“Modern C”: Notes on chapter 5 “Basic values and data”
By Dmitry Kabanov
These are my notes taken while reading chapter 5 “Basic values and data” from the book “Modern C” by Jens Gustedt.
This chapter discusses values of different objects that are used in a C program, and how they are represented.
The table of contents for all notes for this book are available in that post.
C programs manipulate data values which have different representations in a computer. Programmer is abstracted out from the actual representations. Actual program is C’s abstract state machine that has objects that are represented with concrete types on a concrete computer, and values that change in time (hence, state changes).

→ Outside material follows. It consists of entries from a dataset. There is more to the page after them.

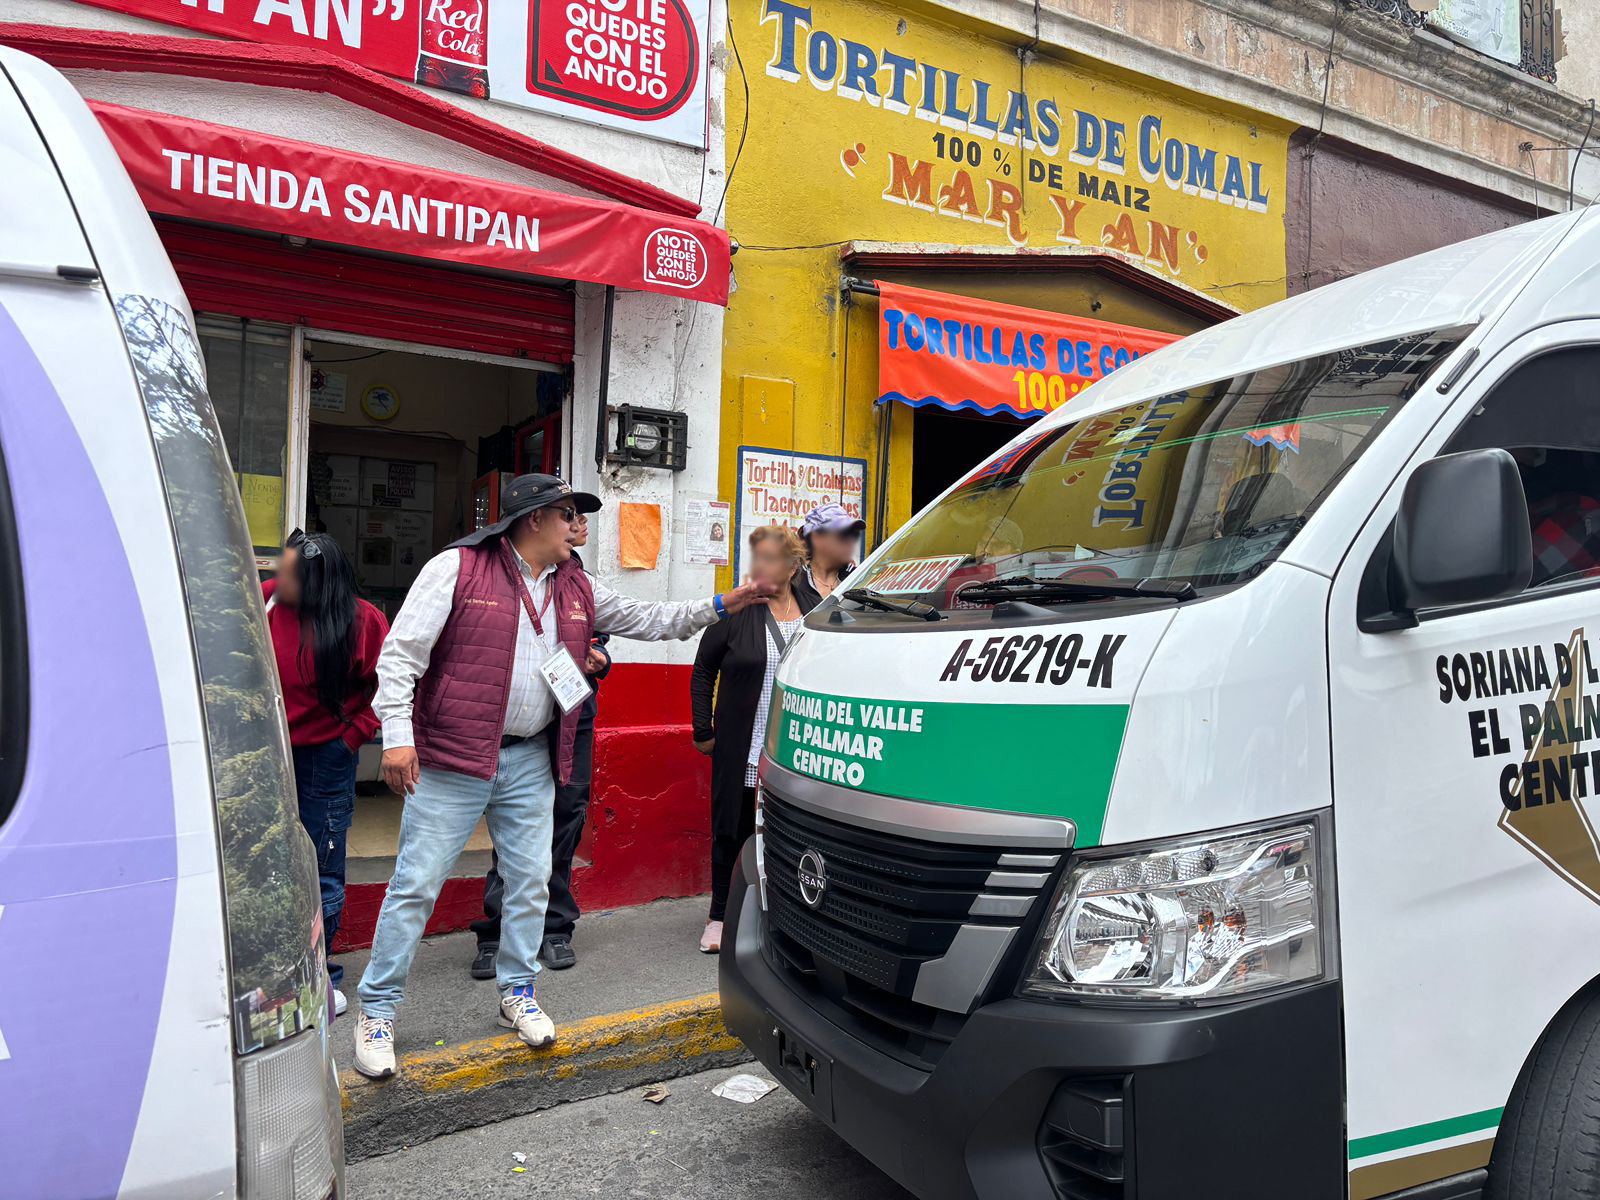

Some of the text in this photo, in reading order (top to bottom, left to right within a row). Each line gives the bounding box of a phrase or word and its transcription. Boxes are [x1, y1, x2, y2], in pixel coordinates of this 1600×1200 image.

[426, 0, 483, 35] Red
[565, 3, 666, 51] QUEDES
[437, 29, 480, 57] Cola
[565, 28, 667, 78] CON EL
[563, 55, 668, 100] ANTOJO
[761, 0, 1271, 213] TORTILLAS DE COMAL
[932, 132, 1151, 213] 100 % DE MAIZ
[161, 148, 541, 253] TIENDA SANTIPAN
[1048, 194, 1087, 245] Y
[656, 246, 697, 263] QUEDES
[656, 256, 697, 274] CON EL
[657, 233, 697, 253] NO TE
[656, 267, 698, 283] ANTOJO
[884, 309, 1047, 371] TORTILLAS
[1057, 337, 1093, 377] DE
[745, 458, 797, 487] Tortilla
[939, 634, 1127, 689] A-56219-K
[1436, 644, 1552, 704] SORIANA
[781, 690, 924, 733] SORIANA DEL VALLE
[1468, 708, 1511, 758] EL
[788, 719, 883, 761] EL PALMAR
[792, 748, 865, 787] CENTRO

5.1 Abstract state machine
Program has different states as the values manipulated by the program change. Values are observable when they are assigned to variables, and not-observable when they are results of intermediate expressions. For example, in this statement
x = (x * 1.5) - y;
the subexpression (x * 1.5)
is hidden as we never assign it to a variable,
while the value of x
may be observable as it is a variable hence
is saved in addressable memory.
C compiler is allowed to do optimizations that remove some variables if it is clear that the end results does not change.
Takeaway 5.2. All values in C programs are numbers or translate to numbers.
A type is an additional property that is associated with a value.
In C programs all values have types that are statically determined.
Also, results of computations depend on the type: for example,
if the type of subexpression is unsigned
, the result cannot be negative.
Also, the types are actually abstract as they depend on the actual platform.
5.2 Basic types
Some of the basic types are built-in keywords such as unsigned
, int
,
and double
.
Some other basic types are defined in header files, such as bool
or size_t
.
Actually, all basic types in C are numbers or can be treated as numbers. There are two principal classes of numbers: integers and floating-point numbers. Integers can be subclassed as signed and unsigned, while floating-point numbers are subclassed as real and complex.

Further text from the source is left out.